On all my maps, I simply place "Hresvelg". Because I cannot bare to look at that name. It is the name of the child he wanted to have with you, but never could. His father's name.

A child he could have had with me...

Just know that the torture I inflicted upon him on the day of the experiment was unimaginable. There were no sedatives or anesthetics then – those had disappeared with the Agarthans. I smiled bitterly as I tore his chest open and the blood began to flow anew.

I watched as you turned his hair white, as I wrapped you around his heart, and your crest melded with my own.

I watched his tears as I sealed the wound.

And when I told him what a success it was, and that soon you would be revived…

I watched the joy in his face melt away all the pain I caused.

And I began to hate you.

But then I began to love you again when I realized that I had in fact failed.
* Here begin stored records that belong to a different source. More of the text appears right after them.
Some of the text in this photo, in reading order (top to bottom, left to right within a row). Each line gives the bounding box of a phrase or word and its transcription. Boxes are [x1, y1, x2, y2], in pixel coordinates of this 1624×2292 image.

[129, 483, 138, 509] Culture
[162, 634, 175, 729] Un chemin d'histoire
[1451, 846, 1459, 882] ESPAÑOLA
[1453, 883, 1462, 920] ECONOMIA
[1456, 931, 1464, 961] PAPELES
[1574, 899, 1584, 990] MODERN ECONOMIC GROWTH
That you and I together were killing him.

When Macuil saw his hair in that sickbed, he must have known what I had done. He stormed into the throne room and berated me endlessly. How could I have been so thankless? How could I use the technique of our most bitter enemies – the people who had the hubris to plant two crests on humans and mark them for death as weapons of mass destruction?

That windbag continued on and on for hours.

Most were accusations of the most base kind, like:

Had I not cared for him just like they all did?

I cared for him the most, I thought.

That he was our teacher?

He was my teacher, I thought.

And our Mother's beloved?

I loved him more, I thought.

But to Macuil, I only replied with silence.

And so they left – Macuil, Indech, even Cichol and Cethleann – for a time. Day by day, week by week, month by month, I watched Wilhelm die in the worst and most absolute agony imaginable.

That son with that servant managed his role well in the interim, aided by a minor crest of mine.

You will be happy to know that Wilhelm faded in the most stately composure in spite of all that pain, happy that he could have you so close to him again. Each day I waited on him, and all he thought of was you. All he spoke of was you. On the last day of his lucidity, he joked about how warm his chest felt knowing that the two of you were reunited. How he could pass on happily.

Finally, a few days later, in the moments just before his death, he suddenly called out to you.

And I replied, doing my best impression of your voice.

And he reached out his hand, desperately – pleadingly to hold yours one last time. The pain as the twin crests overwhelmed his internal organs must have been unspeakable.

I declined to take it, Mother.

Just before he died, tears flowed from his eyes. But not mine.

When you awaken – one year from now – I'm going to tell you that.